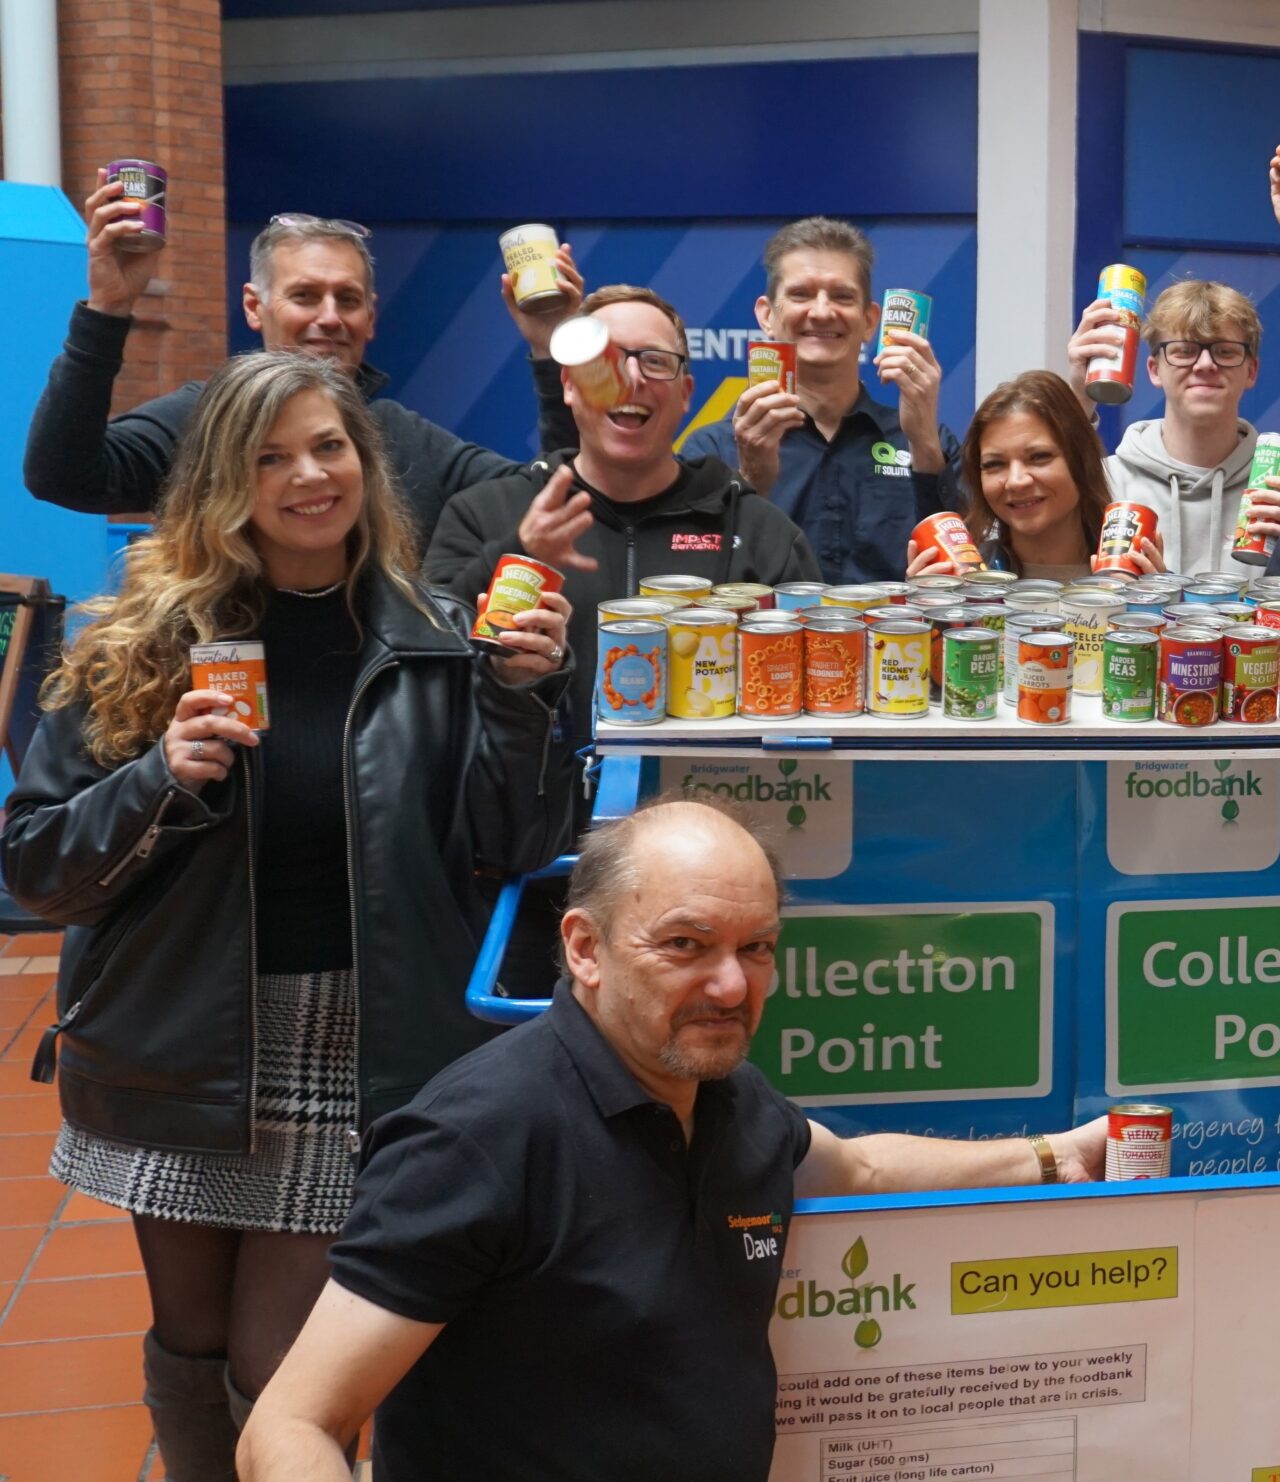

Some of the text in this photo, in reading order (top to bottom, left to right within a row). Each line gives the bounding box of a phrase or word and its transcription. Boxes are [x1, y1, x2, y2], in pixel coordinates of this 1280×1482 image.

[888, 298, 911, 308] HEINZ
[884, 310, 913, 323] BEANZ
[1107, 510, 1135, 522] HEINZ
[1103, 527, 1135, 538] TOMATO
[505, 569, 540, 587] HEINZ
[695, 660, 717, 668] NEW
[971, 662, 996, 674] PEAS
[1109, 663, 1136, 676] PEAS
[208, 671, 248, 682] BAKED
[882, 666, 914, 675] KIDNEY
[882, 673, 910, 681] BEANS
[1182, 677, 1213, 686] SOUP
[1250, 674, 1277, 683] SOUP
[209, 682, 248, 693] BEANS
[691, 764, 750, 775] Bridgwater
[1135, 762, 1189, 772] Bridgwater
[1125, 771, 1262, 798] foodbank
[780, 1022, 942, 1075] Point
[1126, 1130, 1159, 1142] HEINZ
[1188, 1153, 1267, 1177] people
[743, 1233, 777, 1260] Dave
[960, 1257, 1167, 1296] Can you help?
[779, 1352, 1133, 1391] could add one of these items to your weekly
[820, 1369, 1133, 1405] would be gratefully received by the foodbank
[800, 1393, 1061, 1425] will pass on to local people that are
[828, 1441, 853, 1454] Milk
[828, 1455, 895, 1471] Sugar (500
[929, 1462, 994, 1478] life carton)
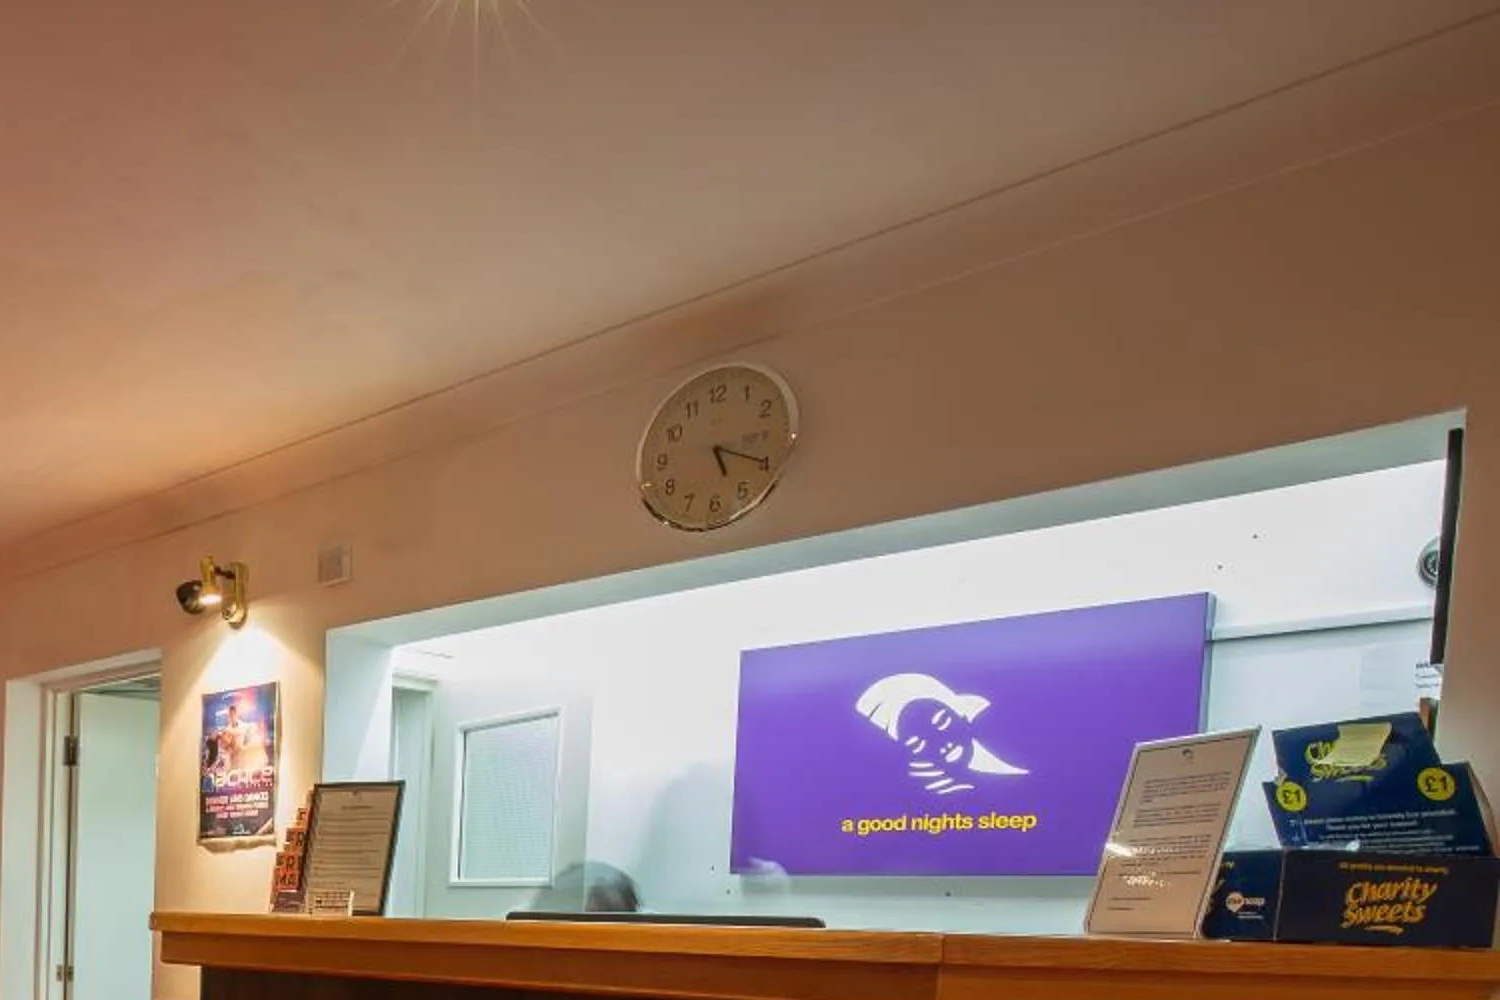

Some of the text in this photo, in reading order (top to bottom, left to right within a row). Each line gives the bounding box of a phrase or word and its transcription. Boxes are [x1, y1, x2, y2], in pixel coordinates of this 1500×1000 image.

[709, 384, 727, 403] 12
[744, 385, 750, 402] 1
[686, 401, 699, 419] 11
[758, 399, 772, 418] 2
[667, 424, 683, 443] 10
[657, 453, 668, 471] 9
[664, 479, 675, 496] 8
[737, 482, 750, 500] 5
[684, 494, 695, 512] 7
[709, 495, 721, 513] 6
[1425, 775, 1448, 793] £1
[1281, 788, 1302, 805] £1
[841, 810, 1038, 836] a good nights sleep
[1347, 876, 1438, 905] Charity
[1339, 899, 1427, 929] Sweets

What is expected =
Transcribe the whole listing, character for character, but not its images.

Task solution =
Some of the text in this photo, in reading order (top to bottom, left to right within a row). Each line gives the bounding box of a phrase or word and its transcription. Boxes are [x1, y1, x2, y2], in pixel coordinates of this 1280×1482 image.

[888, 298, 911, 308] HEINZ
[884, 310, 913, 323] BEANZ
[1107, 510, 1135, 522] HEINZ
[1103, 527, 1135, 538] TOMATO
[505, 569, 540, 587] HEINZ
[695, 660, 717, 668] NEW
[971, 662, 996, 674] PEAS
[1109, 663, 1136, 676] PEAS
[208, 671, 248, 682] BAKED
[882, 666, 914, 675] KIDNEY
[882, 673, 910, 681] BEANS
[1182, 677, 1213, 686] SOUP
[1250, 674, 1277, 683] SOUP
[209, 682, 248, 693] BEANS
[691, 764, 750, 775] Bridgwater
[1135, 762, 1189, 772] Bridgwater
[1125, 771, 1262, 798] foodbank
[780, 1022, 942, 1075] Point
[1126, 1130, 1159, 1142] HEINZ
[1188, 1153, 1267, 1177] people
[743, 1233, 777, 1260] Dave
[960, 1257, 1167, 1296] Can you help?
[779, 1352, 1133, 1391] could add one of these items to your weekly
[820, 1369, 1133, 1405] would be gratefully received by the foodbank
[800, 1393, 1061, 1425] will pass on to local people that are
[828, 1441, 853, 1454] Milk
[828, 1455, 895, 1471] Sugar (500
[929, 1462, 994, 1478] life carton)

Some of the text in this photo, in reading order (top to bottom, left to right within a row). Each line gives the bounding box of a phrase or word and its transcription. Boxes are [x1, y1, x2, y2], in pixel coordinates of this 1500×1000 image.

[709, 384, 727, 403] 12
[744, 385, 750, 402] 1
[686, 401, 699, 419] 11
[758, 399, 772, 418] 2
[667, 424, 683, 443] 10
[657, 453, 668, 471] 9
[664, 479, 675, 496] 8
[737, 482, 750, 500] 5
[684, 494, 695, 512] 7
[709, 495, 721, 513] 6
[1425, 775, 1448, 793] £1
[1281, 788, 1302, 805] £1
[841, 810, 1038, 836] a good nights sleep
[1347, 876, 1438, 905] Charity
[1339, 899, 1427, 929] Sweets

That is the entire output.